What exactly is brainwashing?
According to the American Heritage New Dictionary of Cultural Literacy, Third Edition:
Indoctrination that forces people to abandon their beliefs in favor of another set of beliefs. Usually associated with military and political interrogation and religious conversion, brainwashing attempts, through prolonged stress, to break down an individual’s physical and mental defenses. Brainwashing techniques range from vocal persuasion and threats to punishment, physical deprivation, mind-altering drugs, and severe physical torture.
That sounds pretty intense, doesn’t it? Something that strikes me is the emboldened phrase above. Most of the definitions included this idea, and it makes me wonder if we could call any FLDS women ‘brainwashed’ unless they were converted to FLDS via force. If you grow up with a set of beliefs, calling them your own from a young age, by definition you are not brainwashed (even if your beliefs are wildly bizarre).
But if we take the word and apply it the way it’s been used – FLDS women are obviously ‘brainwashed’ because they (many of them) share a husband, have many children, call Warren Jeffs their prophet, wear old-school dresses, etc – we can end up in all sorts of weird places…

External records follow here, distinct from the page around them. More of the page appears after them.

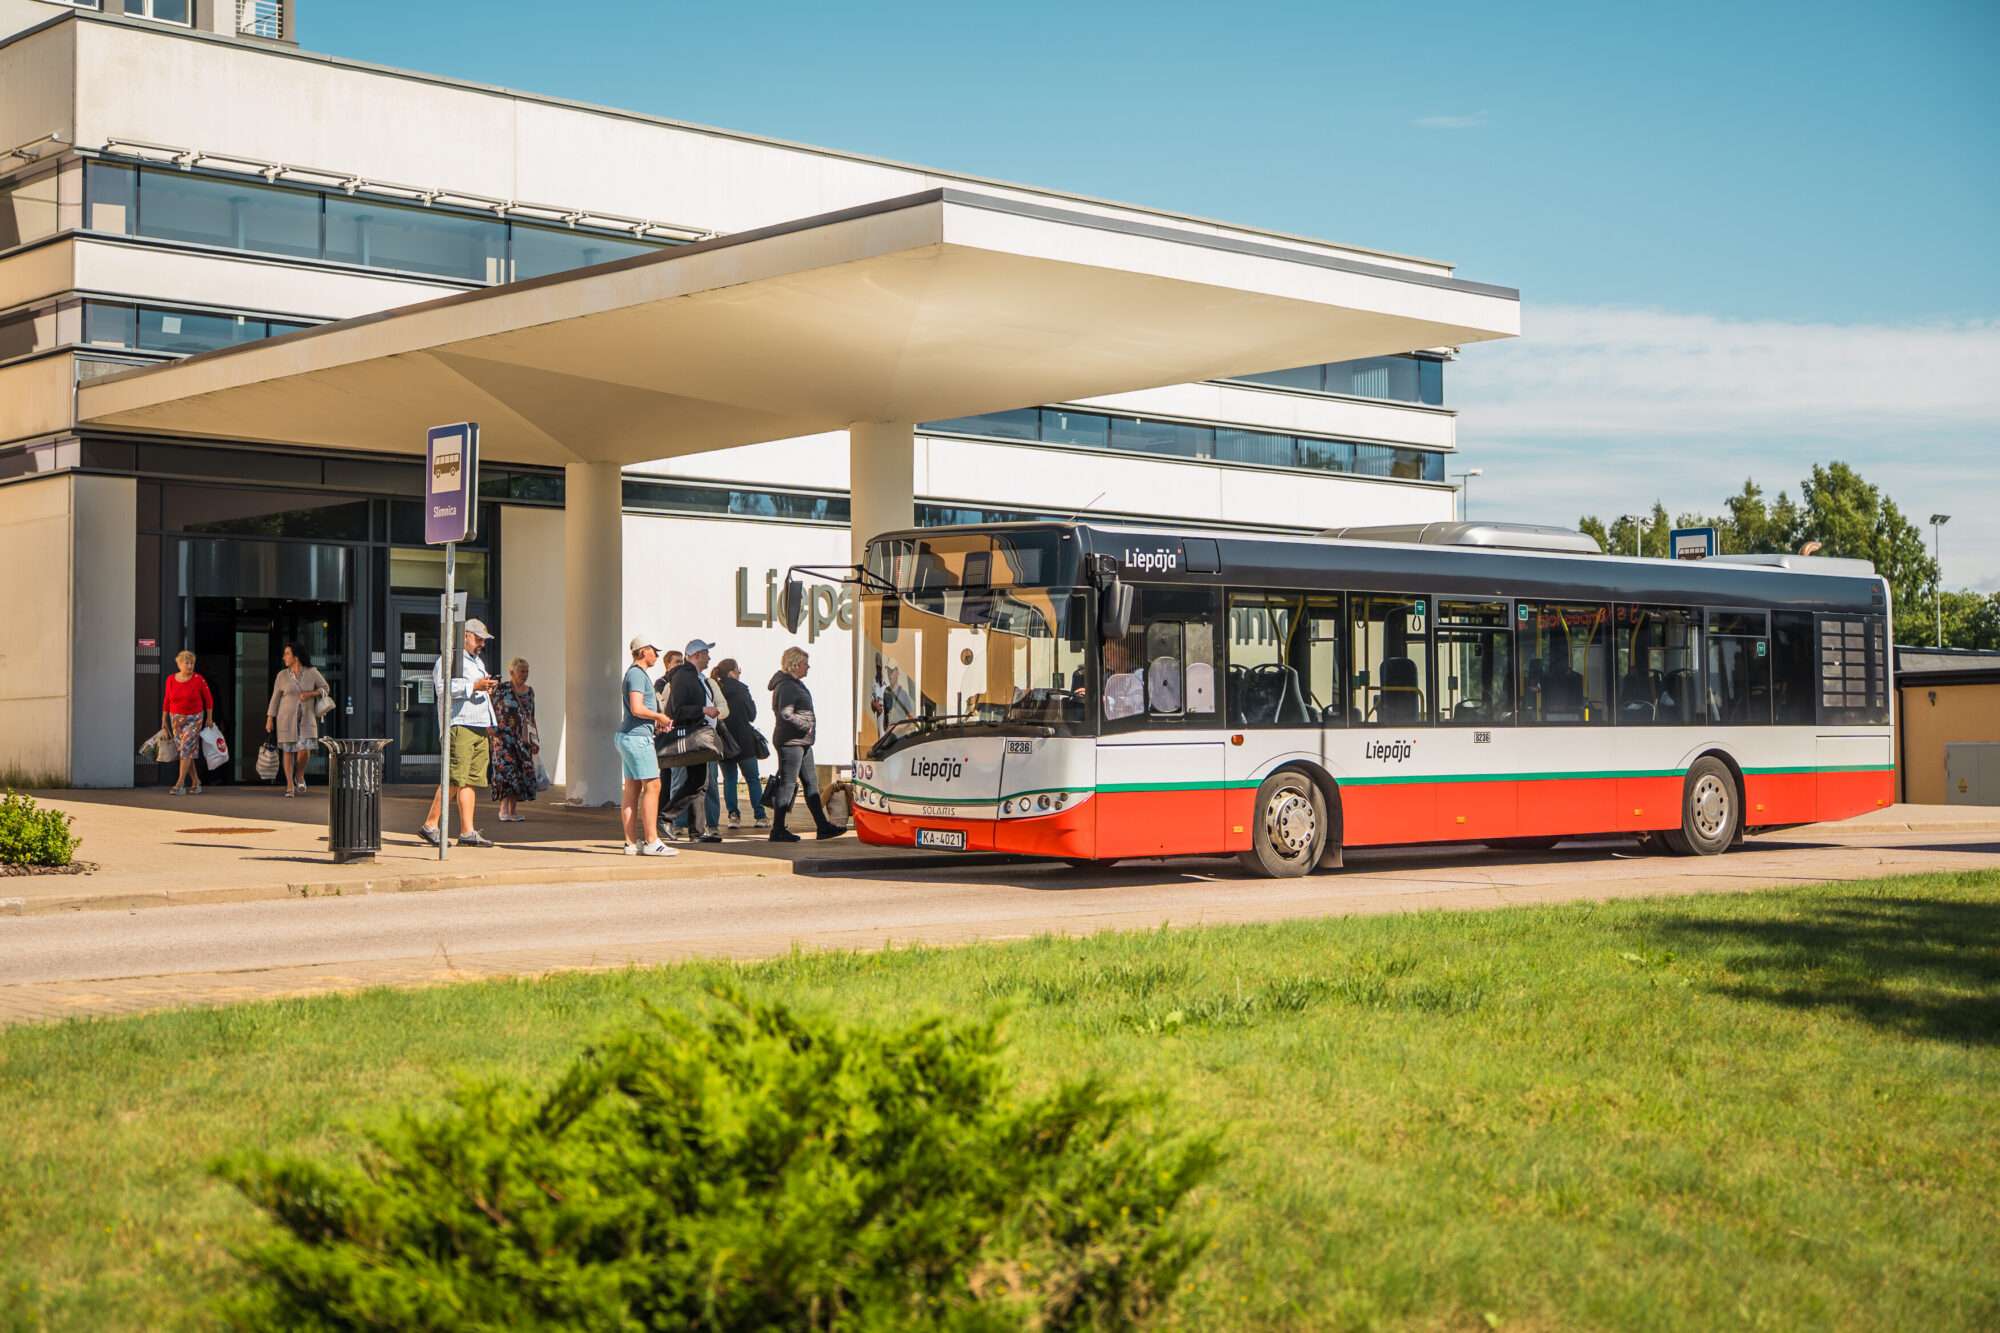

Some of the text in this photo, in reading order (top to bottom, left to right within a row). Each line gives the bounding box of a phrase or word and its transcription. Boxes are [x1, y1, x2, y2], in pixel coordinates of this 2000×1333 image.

[1125, 547, 1177, 573] Liepāja
[1475, 733, 1490, 742] 8236
[1010, 742, 1030, 753] 8236
[1366, 740, 1412, 763] Liepāja
[911, 757, 962, 782] Liepāja
[922, 806, 956, 816] SOLARIS
[923, 831, 961, 846] KA-4021
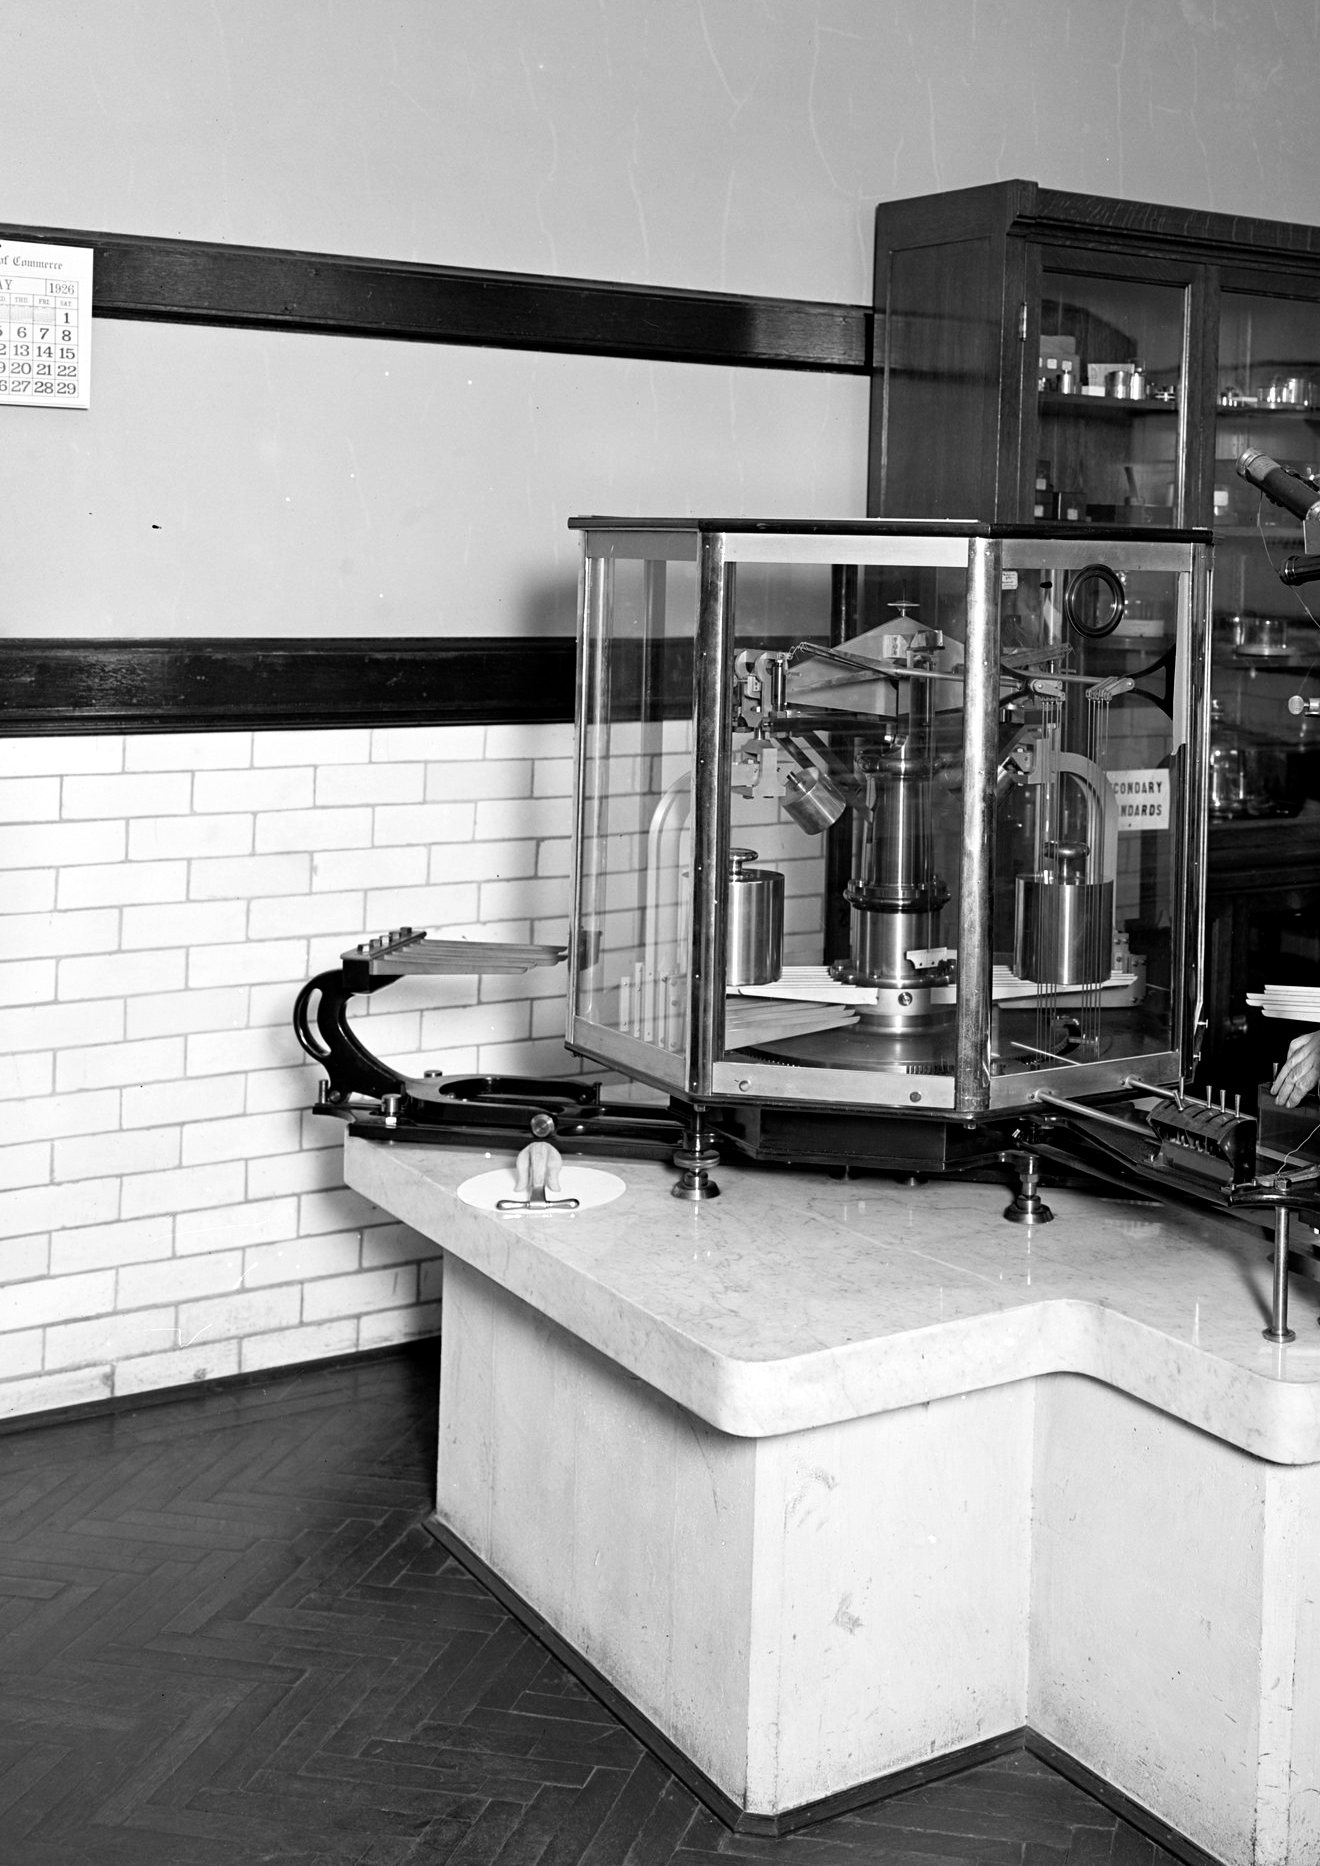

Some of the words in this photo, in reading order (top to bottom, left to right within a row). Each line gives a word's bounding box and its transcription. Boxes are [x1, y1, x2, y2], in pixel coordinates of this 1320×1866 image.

[13, 256, 63, 270] Commerce
[0, 279, 13, 290] Y
[50, 283, 75, 295] 1926
[64, 312, 70, 324] 1
[17, 326, 27, 338] 6
[39, 328, 49, 340] 7
[62, 329, 72, 342] 8
[13, 344, 30, 357] 13
[36, 346, 53, 358] 14
[59, 347, 76, 360] 15
[11, 362, 32, 375] 20
[36, 363, 52, 376] 21
[57, 365, 77, 377] 22
[11, 380, 31, 392] 27
[34, 381, 54, 394] 28
[57, 382, 76, 395] 29
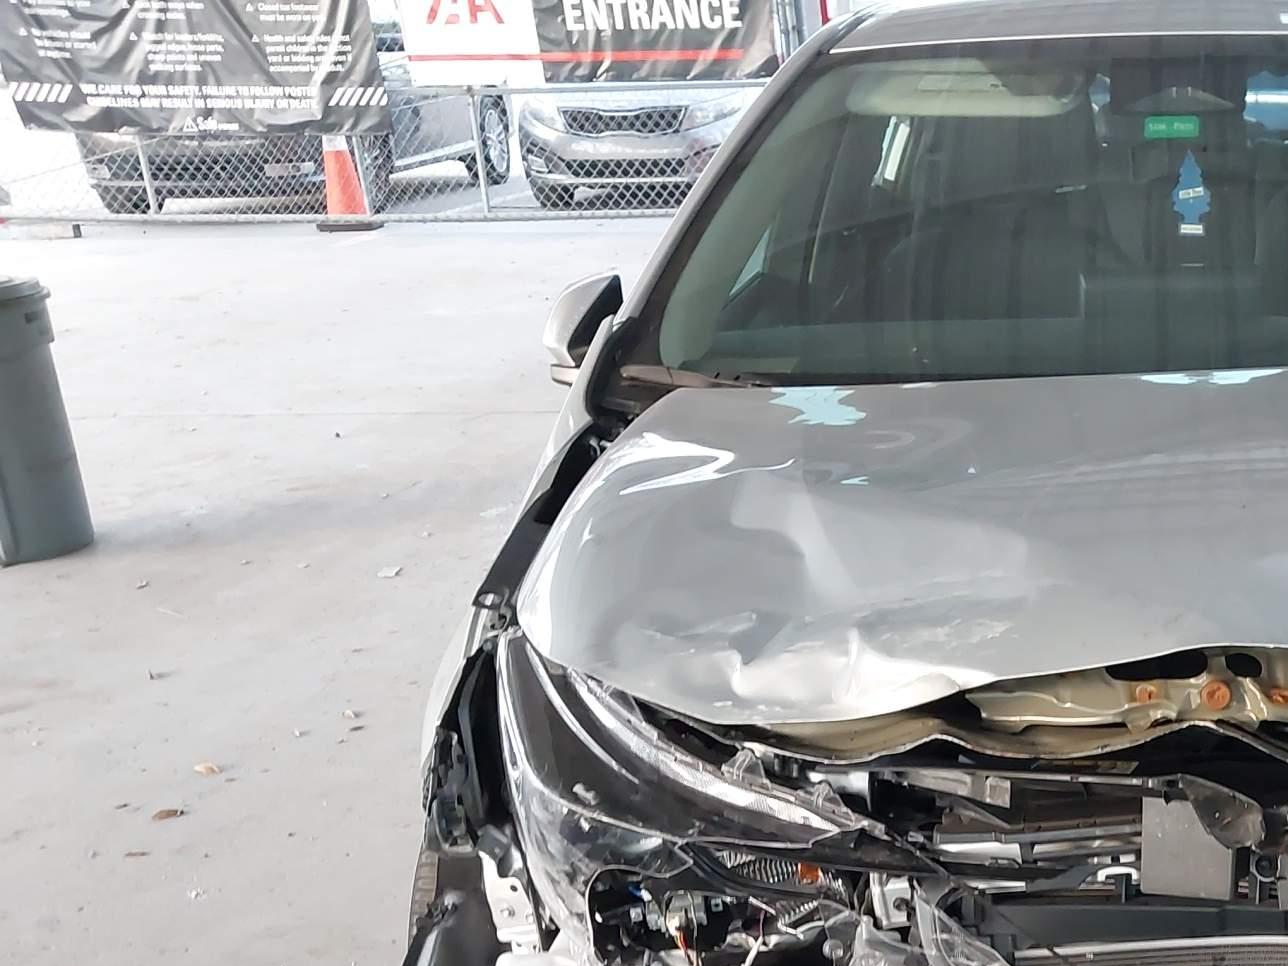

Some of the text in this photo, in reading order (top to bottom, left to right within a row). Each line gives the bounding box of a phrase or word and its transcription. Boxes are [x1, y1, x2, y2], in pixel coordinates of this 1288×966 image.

If someone becomes willing to die for their faith, are they brainwashed? We might like to think so when it comes to suicide bombers, but it doesn’t feel the same way when we think of the faithful Christian missionary. If we hold to any tenet of faith against unlikely odds, are we brainwashed? Is brainwashing evidenced by anything that isn’t mainstream? Where do we draw the line? We say they’re brainwashed because they seem to really believe in polygamy, and we all know that’s crazy. Who would choose that of their own volition? But wait… Abraham and Jacob and King David and Solomon all practiced it, and while we don’t know their wives’ feelings about it, what if they looked at us and said, “what is UP with these American women? Why do they insist on limiting their husbands to one wife? Can’t they use the help? Wouldn’t they like to share some of that mothering-responsibility and run an errand alone occasionally? They don’t HAVE to be complaining that ‘all the good ones are taken.’ Who would choose that?”
Are we brainwashed when we really believe that children are a blessing?
Or are we brainwashed when we think they’re expensive burdens, to be enjoyed in moderation (or not at all, if we want to be really responsible)?
Are we brainwashed to believe sex is best delayed until marriage?
Or when we think we need to ‘experience’ things when we’re young and uncommited?
Do you see how dicey this can get? Just because we can’t wrap our minds around something (because it’s so foreign) doesn’t automatically mean those who practice it are under duress. *I* can’t imagine a woman choosing (of her own volition) to put her baby in daycare for something as temporal as a career. I can’t wrap my mind around it. But maybe she feels the same way about me. We can’t both be right, right? Mustn’t one of us be ‘brainwashed’ to feel so strongly about it?
I don’t want to be misunderstood: I don’t think polygamy is a good idea. You know, “the two shall become one?” (I dunno; maybe that’s ‘two-at-a-time’?) But I also don’t think we should be tossing around strong terms (like ‘brainwashing’) just because others’ convictions are so very foreign to us.